Forchlorfenuron as a novel high-efficiency plant growth regulator has excellent growth promoting effect, is widely applied to fruit trees, vegetables, grain crops and the like, is registered on the crops such as kiwi fruits, melons and the like in China, and has a tendency of further expanding the application range at present. However, the human body is inevitably harmed to health due to excessive intake, and the long-term exposure to forchlorfenuron can cause the disturbance of protein metabolism in the body, mild emphysema and emaciation.

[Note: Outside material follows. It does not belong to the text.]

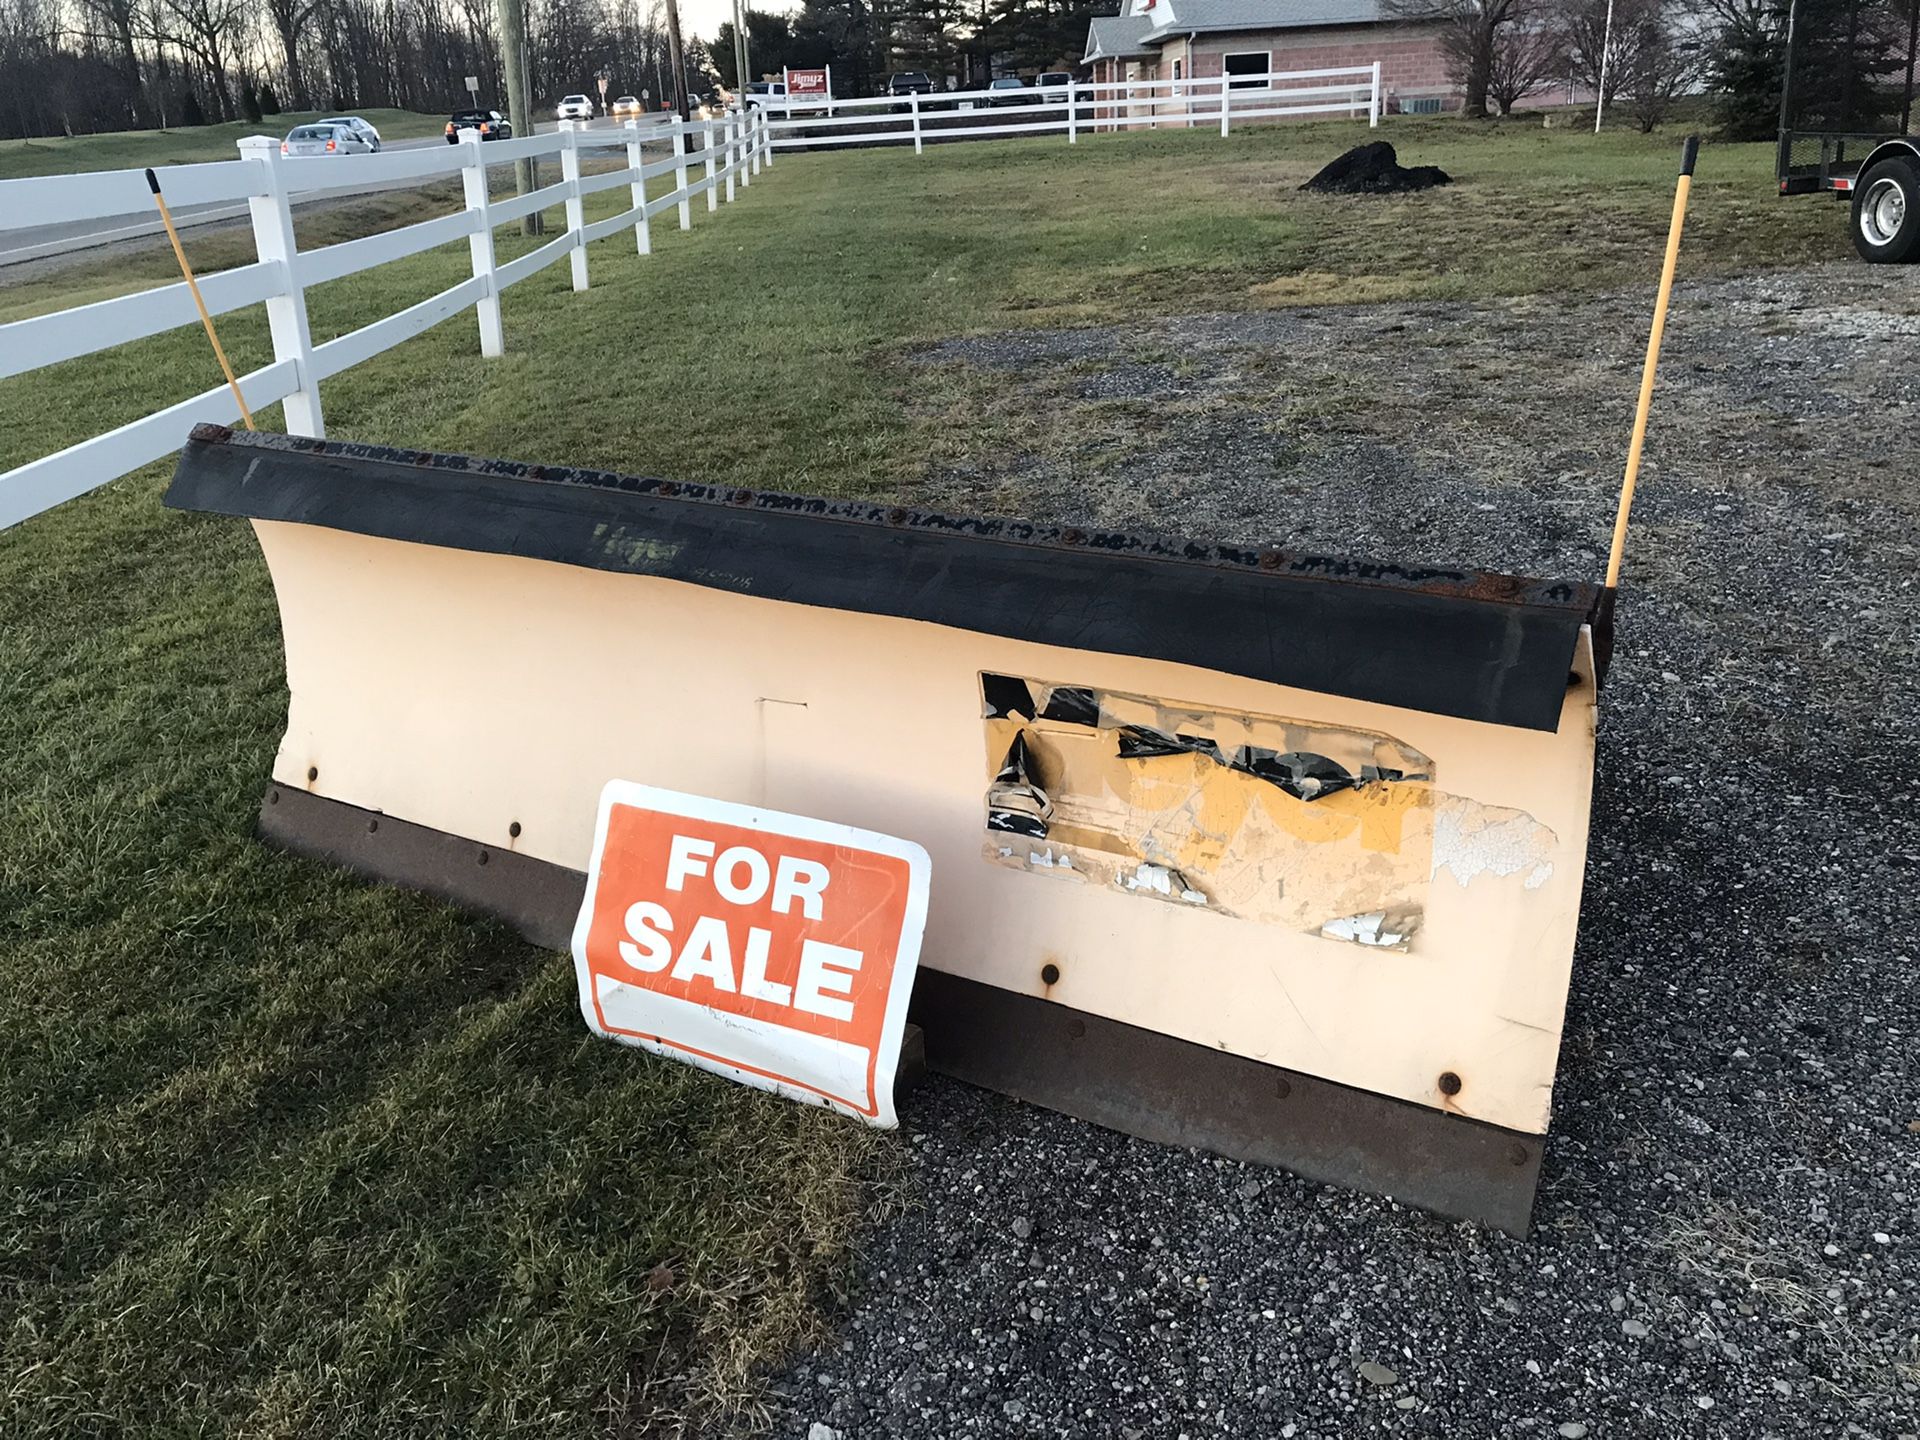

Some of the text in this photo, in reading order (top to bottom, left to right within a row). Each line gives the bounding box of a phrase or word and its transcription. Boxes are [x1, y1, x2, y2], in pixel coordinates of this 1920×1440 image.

[791, 73, 824, 89] Jimyz
[665, 834, 830, 921] FOR
[618, 901, 864, 1022] SALE

At present, the forchlorfenuron detection method is mainly instrument detection, and gas chromatography, liquid chromatography and gas chromatography-mass spectrometry are commonly used. Despite the high sensitivity and specificity of these chromatography-based methods, there are some disadvantages, such as the need for thorough sample purification, high solvent consumption, expensive equipment and skilled technicians. Therefore, a rapid and simple method for analyzing forchlorfenuron residue is required.

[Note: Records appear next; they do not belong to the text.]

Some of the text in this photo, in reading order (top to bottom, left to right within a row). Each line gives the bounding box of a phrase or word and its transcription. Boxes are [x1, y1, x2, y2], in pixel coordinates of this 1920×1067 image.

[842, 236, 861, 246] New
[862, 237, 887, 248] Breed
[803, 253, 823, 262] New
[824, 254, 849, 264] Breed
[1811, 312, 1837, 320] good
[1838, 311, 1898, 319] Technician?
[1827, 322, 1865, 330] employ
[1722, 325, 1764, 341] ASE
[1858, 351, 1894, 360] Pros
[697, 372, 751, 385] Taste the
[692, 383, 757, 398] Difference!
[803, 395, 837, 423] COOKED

The enzyme-linked immunosorbent assay (ELISA) is an extremely efficient, sensitive and rapid detection method, has the advantages of simple pretreatment of a sample during detection, few purification steps, large analysis capacity, low detection cost and simple and convenient operation, and is suitable for field rapid detection of a large number of samples, so the ELISA is widely applied to pesticide residue analysis. The precondition for detecting the forchlorfenuron by using the enzyme linked immunosorbent assay is that a monoclonal antibody with high specificity and high sensitivity to the forchlorfenuron is obtained, so that the method for preparing the monoclonal antibody with high specificity and high sensitivity to the forchlorfenuron is very critical.
Disclosure of Invention
The invention aims to provide a forchlorfenuron monoclonal antibody hybridoma cell strain which is preserved in the China general microbiological culture Collection center on 28.11.2019, the preservation name is monoclonal cell strain ABC08, the preservation number is CGMCC No.19179, and the preservation address is Beijing City Shangyang district No.1 Beichen Xilu No. 3. The monoclonal antibody of forchlorfenuron secreted by the hybridoma cell strain has better detection sensitivity (IC) to forchlorfenuron50The value is 0.39ng/mL), can be used for establishing an immunological detection method of forchlorfenuron and detecting the residual forchlorfenuron in food.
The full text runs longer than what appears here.